** Exercise directions **
Without the images, print every line of the material below exactly as given.

** Records to process **
■ ■ ■ ■

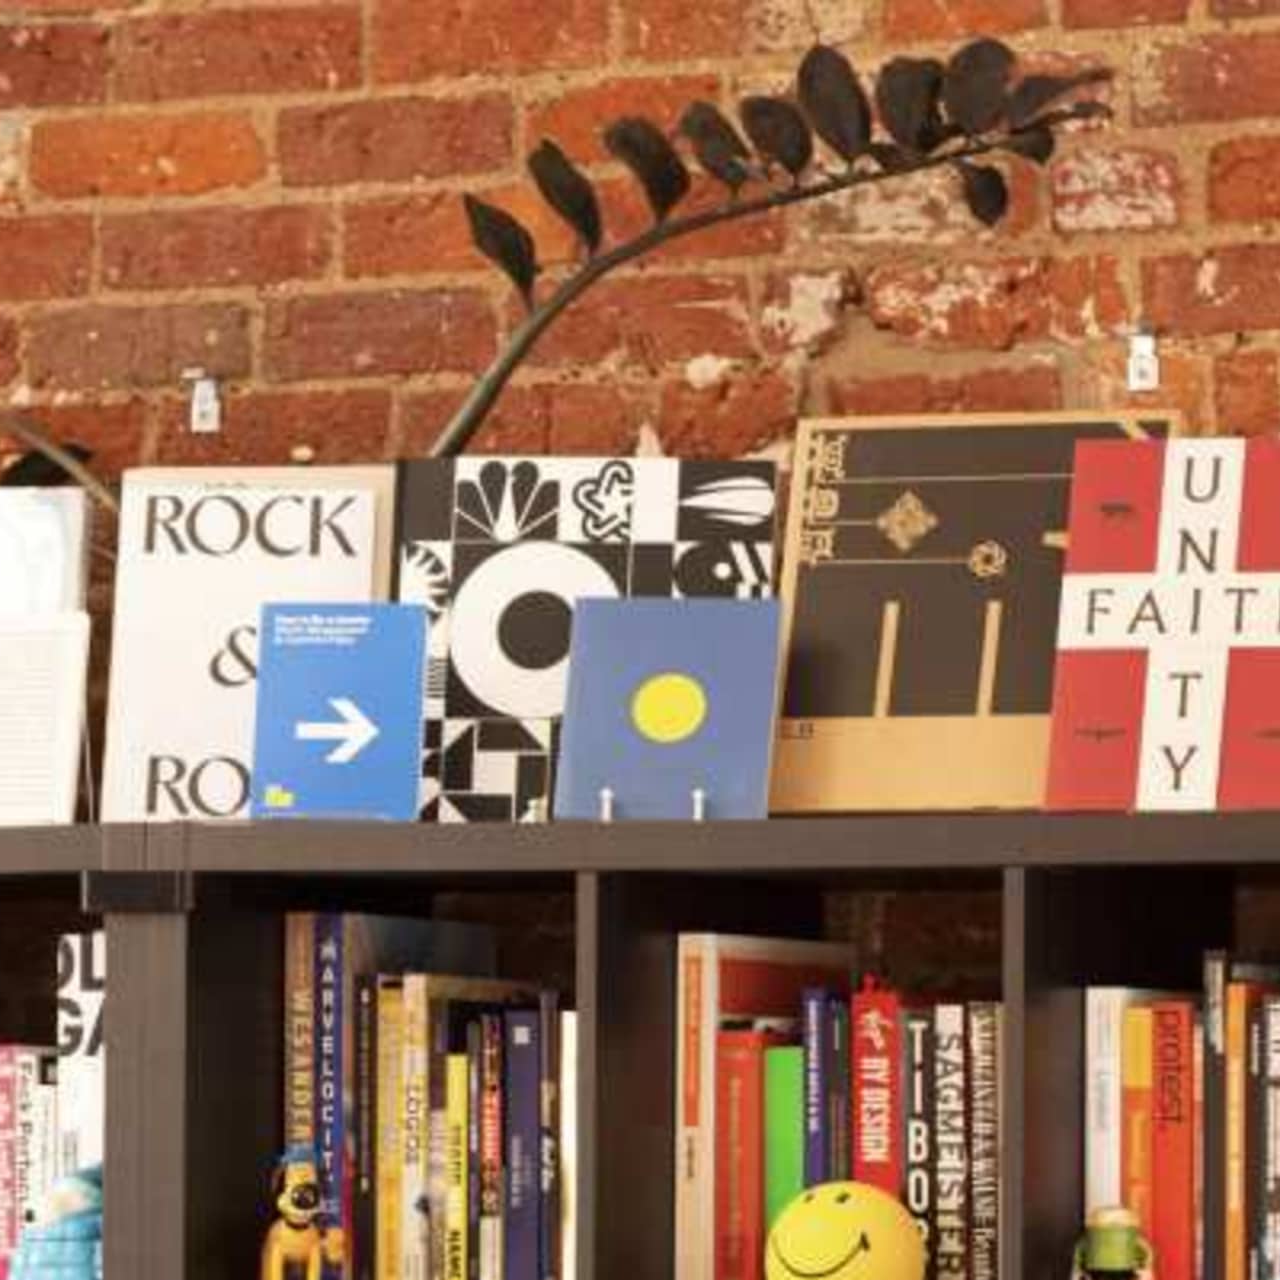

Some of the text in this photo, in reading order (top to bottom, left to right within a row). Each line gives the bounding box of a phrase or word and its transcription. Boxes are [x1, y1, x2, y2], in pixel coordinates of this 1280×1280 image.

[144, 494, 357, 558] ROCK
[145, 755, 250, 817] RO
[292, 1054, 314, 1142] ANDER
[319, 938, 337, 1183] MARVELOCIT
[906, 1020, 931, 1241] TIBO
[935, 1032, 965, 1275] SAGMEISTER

■ ■ ■ ■

** Result **
Some of the text in this photo, in reading order (top to bottom, left to right within a row). Each line gives the bounding box of a phrase or word and its transcription. Boxes are [x1, y1, x2, y2], in pixel coordinates of this 1280×1280 image.

[144, 494, 357, 558] ROCK
[145, 755, 250, 817] RO
[292, 1054, 314, 1142] ANDER
[319, 938, 337, 1183] MARVELOCIT
[906, 1020, 931, 1241] TIBO
[935, 1032, 965, 1275] SAGMEISTER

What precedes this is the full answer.